Thursday, December 01, 2005

and now, the nighttime.

and now ladies and gentlemen, for your reading pleasure... a rant.

this is directed to all the guys that have misjudged and underestimated me to be typical, predictable, or naive. throughout my college career i have had many offers of courtship and beyond. most of which i have turned down with a certain amount of disappointment. no one comes correct any more! ive been told my standards are too high but i refuse to believe that. with fair amount of work and training and patience, almost any guy can become a guy worth fighting for. as of today, december 1, 2005, i have not found him.

at any rate, if i am not attracted to you now, i will not suddenly become so if you

~get letters and a really cool jacket and a call to shout out to let everybody kno who you are. i.e. if u cross. incidentally, beneath the brand new shiny exterior, you are the same guy that didnt particularly intrigue me in the first place and im pretty sure that several weeks of pain and torture didnt magically turn your personality pleasant. plus, most days i dont even like frat guys.

~have lots and lots of money(through your parents, of course) or drive a ridiculously expensive car. although ive been known to sell out for some things, wealth is not one of them. now, i like to be spoiled and caked as much as the next girl, but if every other sentence out your mouth is about the large, inordinate amount of cash that youre sitting on, then we've got a problem. i guess i just dont have that golddigger mentality that seems to come standardly equipped in most models my age. and hey, im not complaining about the loss. toss around money in front of me and i am not amused. in fact, i spit on you. call me crazy, but i was raised in a frugal (tho i use frugal rather loosely here) family and can appreciate the value of a dollar. but not so much so that i act like a hog at the feeding trough when a guy pulls out his money clip. just not me. its cool if we go to mickey d's every now and then and have stay at home dates instead of goin out every night. however, if it becomes a trend then your ass is noncreative and then i have a whole different set of problems with you.

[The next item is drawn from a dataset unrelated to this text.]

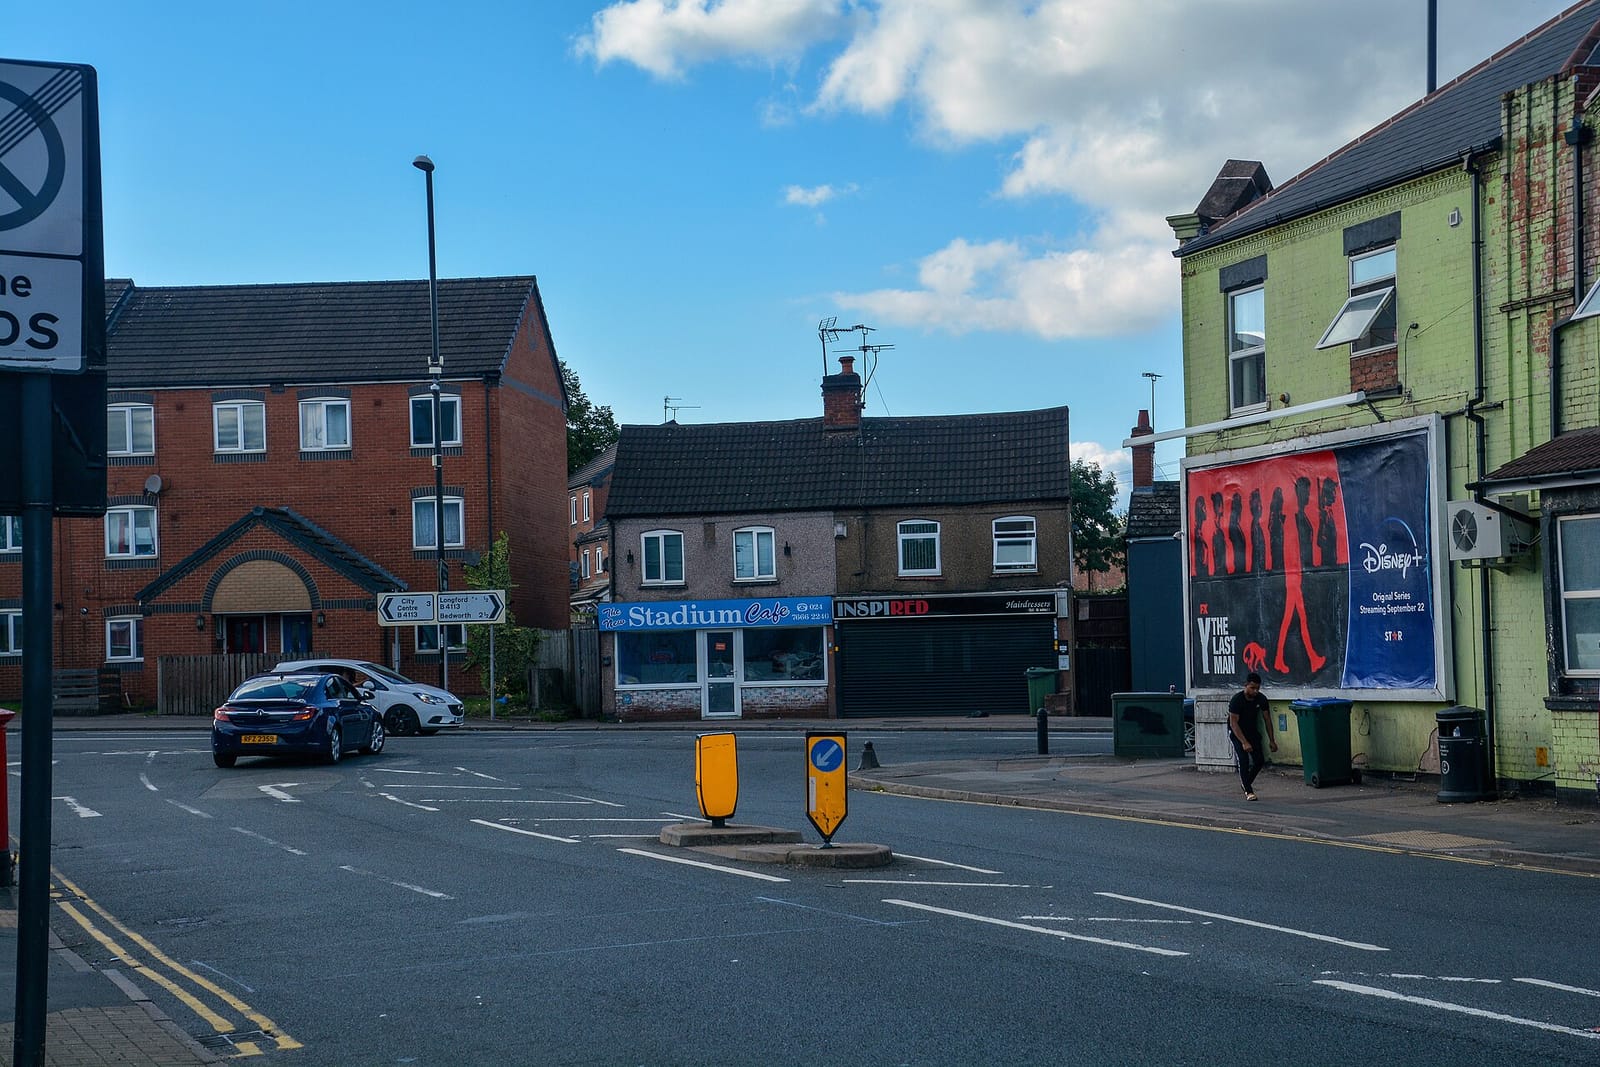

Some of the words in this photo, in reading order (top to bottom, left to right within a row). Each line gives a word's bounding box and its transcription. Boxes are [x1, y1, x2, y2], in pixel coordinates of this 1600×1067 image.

~are the prince of an african nation. (yeh, its happened.) and again, no amount of princely robes will diminish the fact that you have the personality of a rock. or donkey.

~memorize everything about me/show up in my hangout spots/join the band/basically appear incessamment in my life. just not cool, man. i would go so far as to call this stalker tendencies. further, just because you're friends with or know all my friends does not grant carte blanche access to, well, anything. i will not be obligated to go out with you just because you and john were roommates freshman year. get your own creditentials and stop riding on the coattails of knowing who i kno.

(this one's a biggie, so pay up)
~HAVE THE ENDORSEMENT OF MY PARENTS. i dont trust my parents to pick out cds for me, much less a life partner. i dont care how close you and my dad are. dont care how often you volunteer at my mom's day care. hell, you can be invited to our house for dinner every night, babysit the munchkins and take my grandmother to the doctor. none of this will change the fact that your conversation skills are limited to small talk/your definition of creative is a hallmark card with a signature/good reading for you is the reader's digest. let me clarify that you will be dating me not my parents. if they love you so much, they should consider adoption. then we can have many fun days as siblings. but thats about all i foresee in your near future with me in it.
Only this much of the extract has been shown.